You can pay for long-term senior care with several different financing options, which we discuss in detail below. The one that works best for you will depend on your specific situation, including short- and long-term needs. You might even combine several different options to make sure you can meet your own needs as well as those of the person you’re caring for.

1. Home Equity Conversion Mortgages (HECM)

HECMs are government-backed reverse mortgages that allow seniors over 62 years old to borrow against the amount that they own in their house without having to make payments until they sell their home. With a reverse mortgage, your lender gives you either a lump sum, a line of credit that the borrower can access when needed or monthly payments.

Borrowers repay an HECM through the sale of their home, whenever that time comes. The government considers these loans non-recourse loans, meaning that it forgives any remaining debt that the sale doesn’t cover.

Read more about how reverse mortgages work

2. Home equity loan or line of credit

Similar to a reverse mortgage, home equity loans and lines of credit allow someone to borrow against the value of their home. Home equity loans come in lump sums while lines of credit known as HELOCs give you access to a fixed amount of credit.

The main difference between these and a reverse mortgage is that repayments begin as soon as you borrow the funds. Interest rates are relatively low, since it’s secured, but you could risk losing your home if you can’t make payments.
Find out if a home equity loan is right for you

3. Personal loan

You can use a personal loan to cover any legitimate expense, including senior care. You’ll get access to a lump sum, which you pay off in monthly repayments plus interest and fees over time.

Personal loans work well for covering one-time expenses and aren’t typically a great long-term solution since future costs can be difficult to predict. You might want to consider a personal loan to cover the cost of a medical procedure, but not ongoing costs.

4. Assisted living and bridge loans

If your family has an unexpected assisted living cost that needs to be taken care of immediately, this might be the option for you. These loans are made for short-term financial gaps when you’re waiting for longer-term solutions to come through — like the sale of a house or veteran benefits.

With an assisted living or bridge loan, you can typically get approved in as little as one day. You’ll have up to 12 months to pay it off, and the costs can sometimes be split between as many as six people, easing the burden on any one individual. These loans are unsecured and lenders might require all coapplicants to have good credit to qualify for a competitive rate.

5. Life insurance policy conversion

If the senior citizen who needs care has a life insurance policy, they have several options to use that to cover senior care costs.

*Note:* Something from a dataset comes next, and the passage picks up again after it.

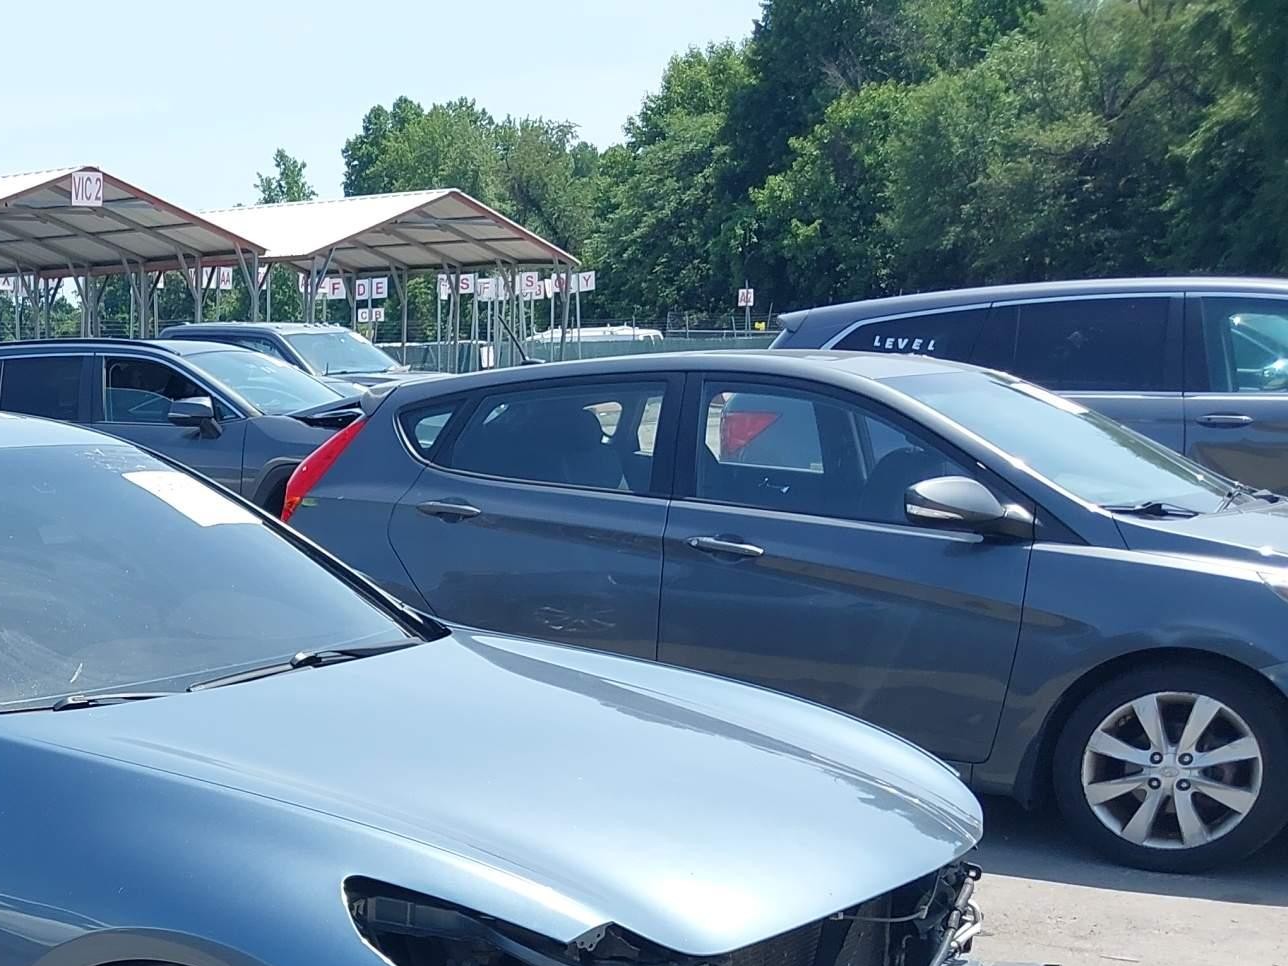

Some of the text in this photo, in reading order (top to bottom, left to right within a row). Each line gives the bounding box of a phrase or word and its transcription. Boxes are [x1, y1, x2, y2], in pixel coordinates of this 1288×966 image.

  • Life insurance policy conversion. Seniors can convert a life insurance policy into a long-term care benefit plan to cover expenses like home health care and assistance living. Typically, they can get a percentage of the policy’s face value to cover costs. However, the family generally only gets between 20% and 50% of the death benefit amount — the pay out to family members.
  • Life settlement. Policyholders can also collect a lump sum by cashing in their life insurance policy. They won’t have to continue premium payments, but they might not get the full value of their policy.
  • Viatical settlement. Similar to a life settlement, a viatical settlement allows terminally ill patients to cash in their policy in exchange for a fixed amount. Viatical settlement amounts are typically higher than life settlements.
  • Death benefit loan. A loan taken out against the value of the death benefit. If you can’t repay your loan, your death benefit won’t be as high.
  • Accelerated death benefit. Terminally ill patients who don’t want to cash in their entire death benefit can get a portion of it in advance to pay for healthcare and hospice costs with this option.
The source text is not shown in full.